Colonel Amadou Abdramane, the junta’s spokesperson, stated on state television in August that the military government had “gathered the necessary evidence to prosecute the ousted president and his local and foreign accomplices for high treason and for undermining the internal and external security of Niger before competent national and international authorities.”

In a statement, one of his attorneys, Moussa Coulibaly, claimed that the court’s ruling cleared the path for Bazoum to face charges of treason and conspiracy to compromise state security.

The court proceedings “violated (ed) the absolute rights of the defence: we were not authorised to meet our client and the court refused to hear our arguments,” he added.

It was not immediately able to get in contact with the Niger government for a response. Because of Bazoum’s interactions with foreign heads of state and international organizations, the junta declared last year that it would bring high treason charges against him.

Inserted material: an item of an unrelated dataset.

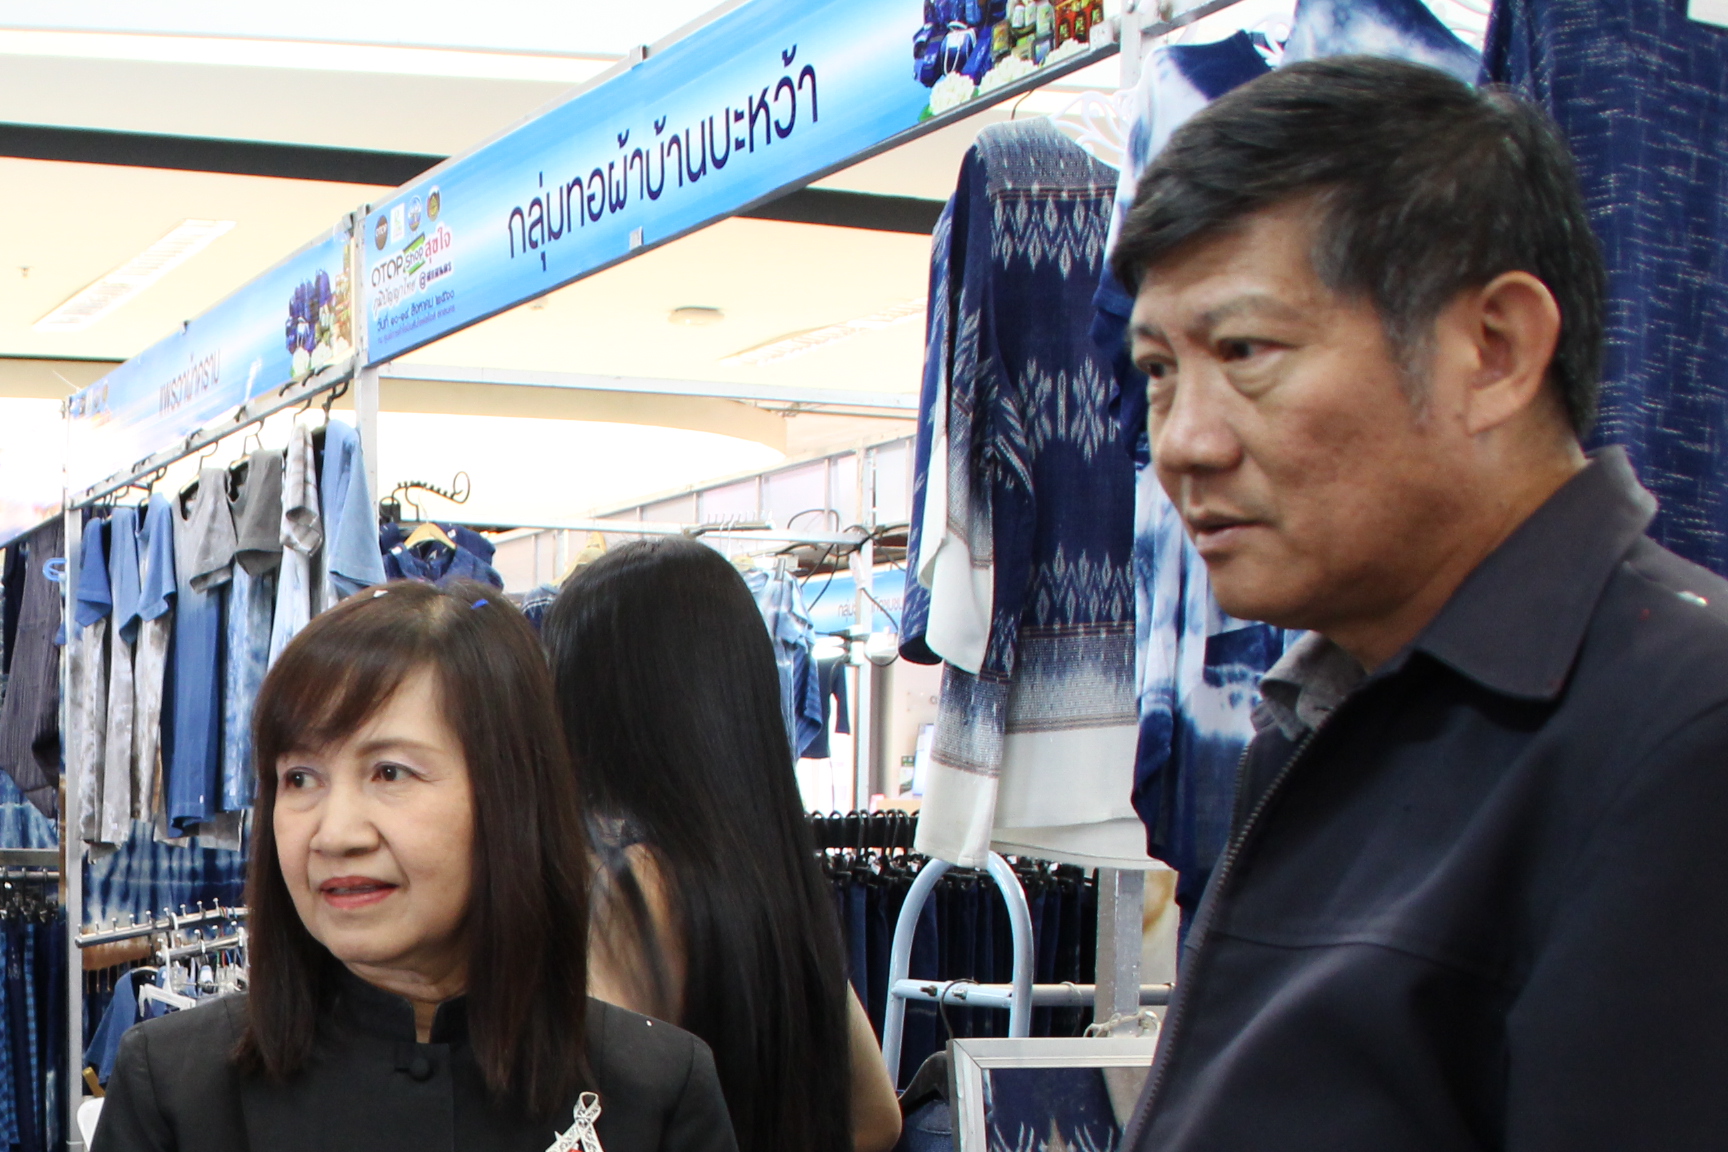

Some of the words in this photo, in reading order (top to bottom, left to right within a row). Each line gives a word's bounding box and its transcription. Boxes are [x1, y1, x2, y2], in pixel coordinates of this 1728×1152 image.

[508, 44, 819, 273] กลุ่มทอผ้าบ้านบะหว้า
[371, 255, 404, 288] OTOP

Following 2020, there have been eight coups in West and Central Africa that have brought the military government to power. Calls for Bazoum’s reinstatement have gone unanswered, including by the ECOWAS Court of Justice, which declared last year that his arrest was unjustified.

According to Bazoum’s attorneys, he and his spouse had never appeared before a magistrate. Lawyers said that since October, when their phone line at the White House was taken away, they have been cut off from the outside world and are only permitted to have visitors from their doctor.

Mohamed Bazoum Salem, the 23-year-old son of the deposed president, was given provisional parole from house imprisonment by the Niger military tribunal in January.